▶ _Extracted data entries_
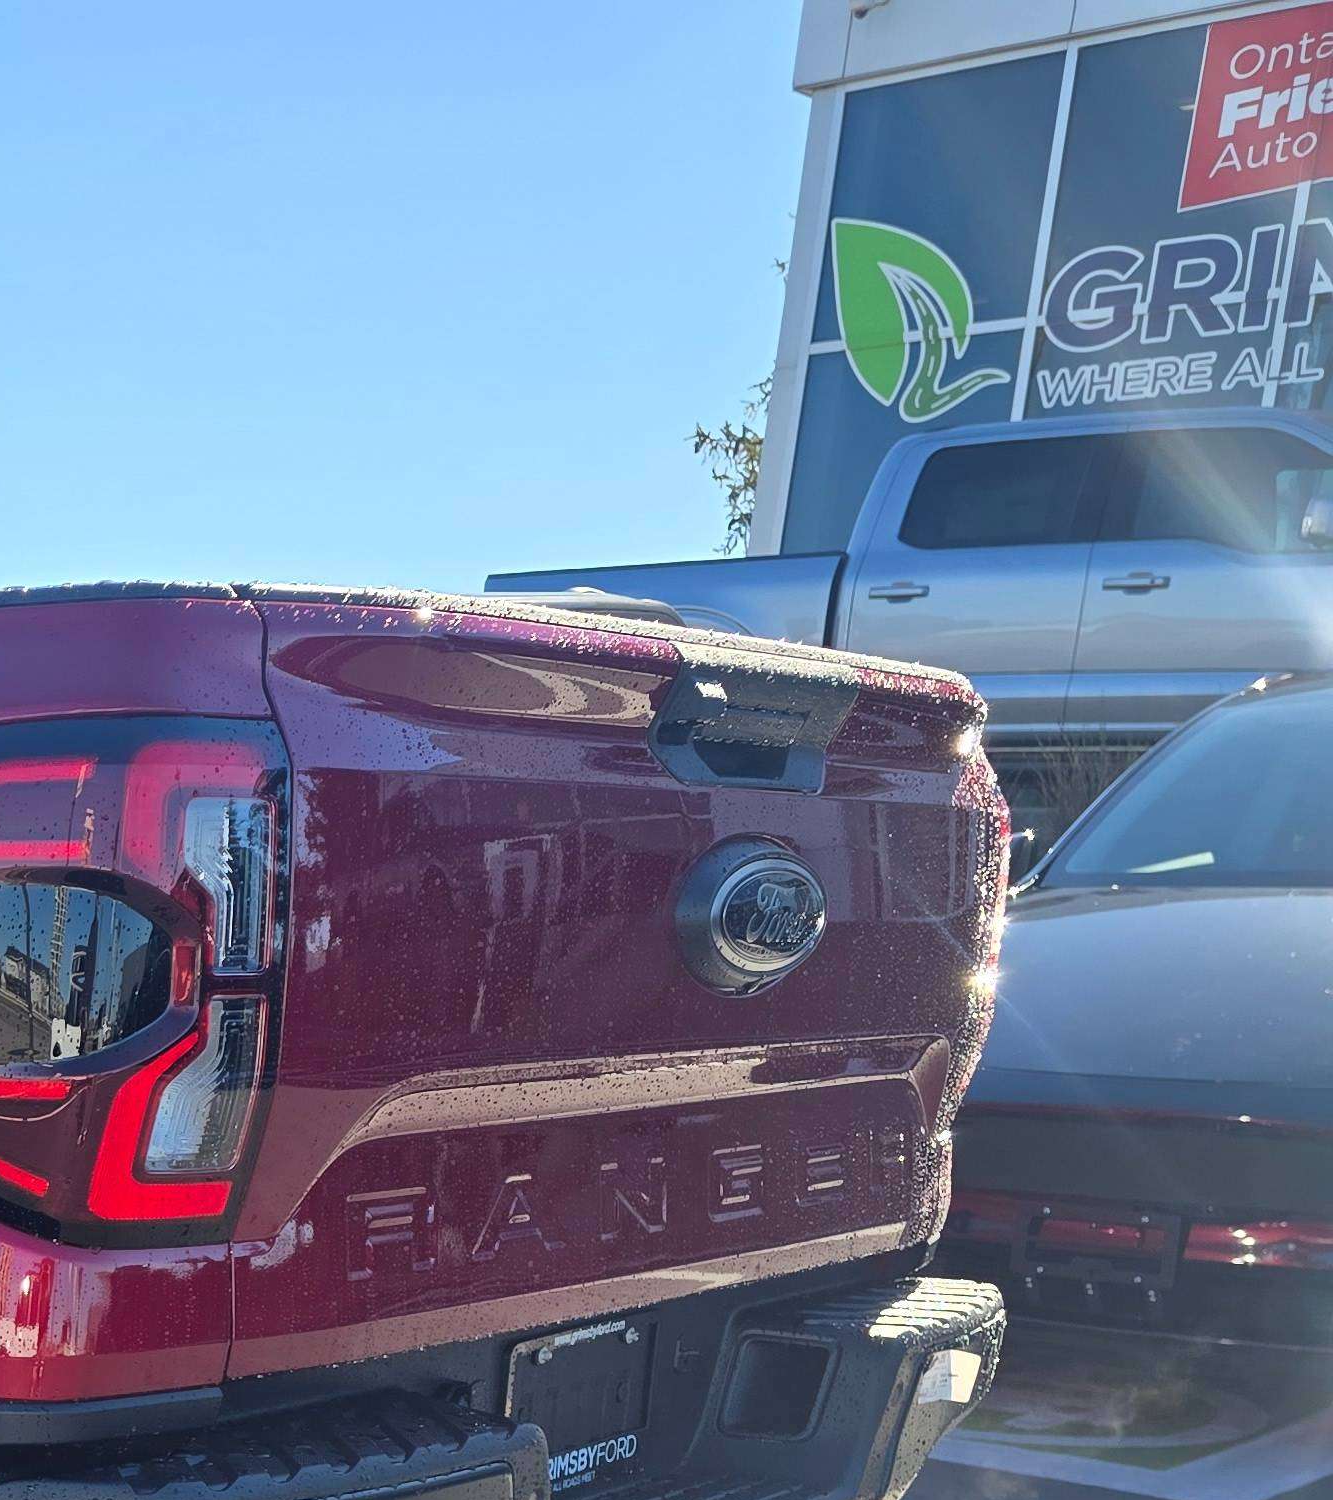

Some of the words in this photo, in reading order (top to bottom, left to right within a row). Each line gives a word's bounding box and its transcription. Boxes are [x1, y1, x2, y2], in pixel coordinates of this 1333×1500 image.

[1230, 32, 1333, 80] Onta
[1217, 73, 1333, 138] Frie
[1209, 131, 1318, 179] Auto
[1036, 351, 1217, 409] WHERE
[1221, 342, 1325, 391] ALL
[745, 882, 810, 943] Ford
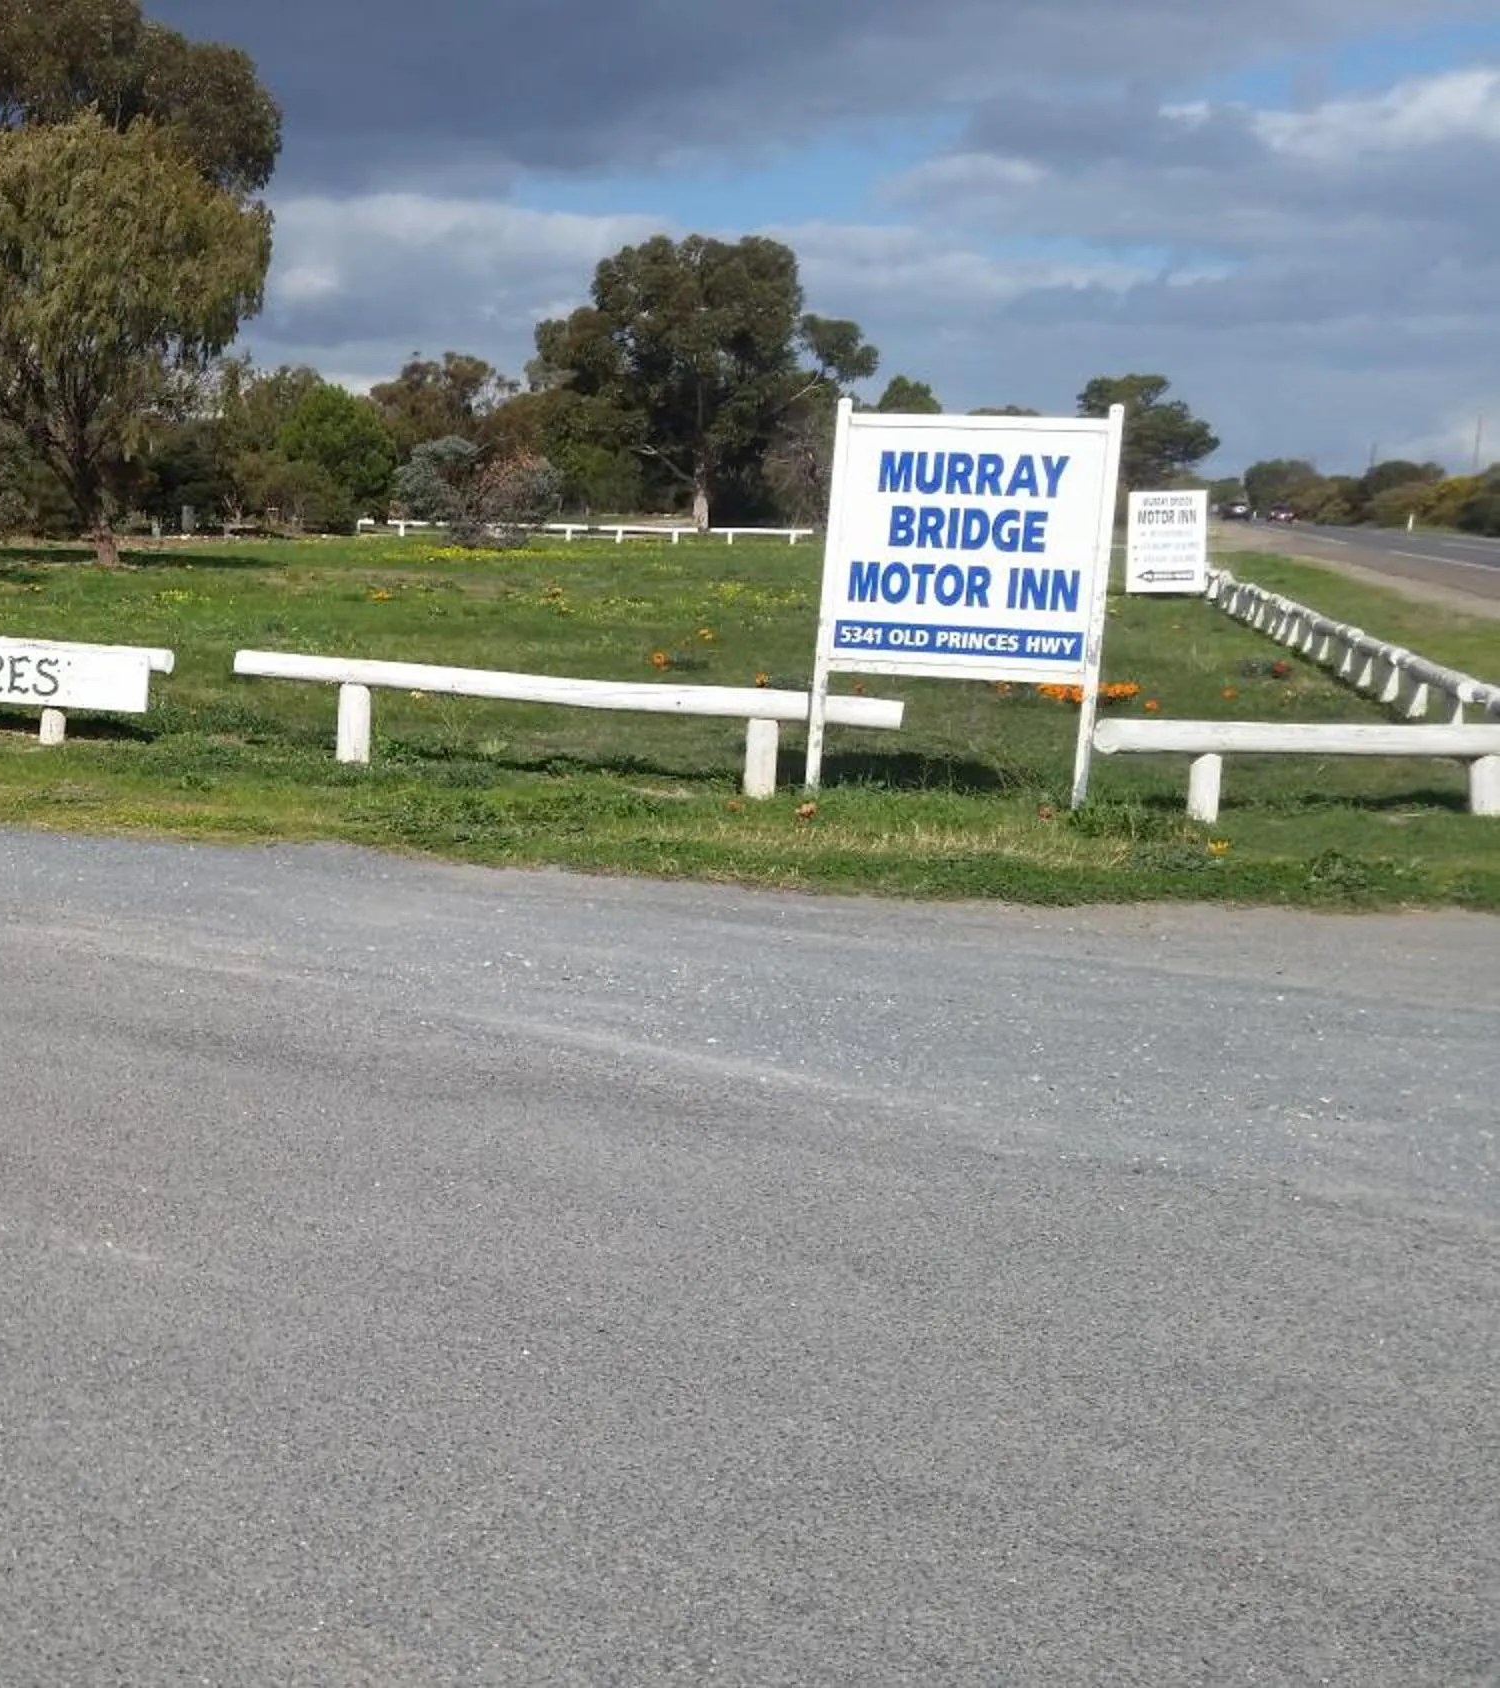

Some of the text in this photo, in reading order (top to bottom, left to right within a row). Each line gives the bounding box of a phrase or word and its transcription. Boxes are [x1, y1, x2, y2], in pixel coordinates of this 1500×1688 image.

[878, 450, 1070, 498] MURRAY
[887, 506, 1049, 553] BRIDGE
[1137, 508, 1197, 525] MOTOR INN
[846, 560, 1081, 612] MOTOR INN
[840, 625, 1077, 655] 5341 OLD PRINCES HWY

▶ _Task to carry out_
Going through the records above line by line, transcribe each one exactly and skip any pictures.

▶ _Solution_
Some of the words in this photo, in reading order (top to bottom, left to right within a row). Each line gives a word's bounding box and its transcription. Boxes are [x1, y1, x2, y2], in pixel coordinates of this 1333×1500 image.

[1230, 32, 1333, 80] Onta
[1217, 73, 1333, 138] Frie
[1209, 131, 1318, 179] Auto
[1036, 351, 1217, 409] WHERE
[1221, 342, 1325, 391] ALL
[745, 882, 810, 943] Ford

Some of the text in this photo, in reading order (top to bottom, left to right within a row). Each line gives the bounding box of a phrase or word and its transcription. Boxes are [x1, y1, x2, y2], in pixel coordinates of this 1500×1688 image.

[878, 450, 1070, 498] MURRAY
[887, 506, 1049, 553] BRIDGE
[1137, 508, 1197, 525] MOTOR INN
[846, 560, 1081, 612] MOTOR INN
[840, 625, 1077, 655] 5341 OLD PRINCES HWY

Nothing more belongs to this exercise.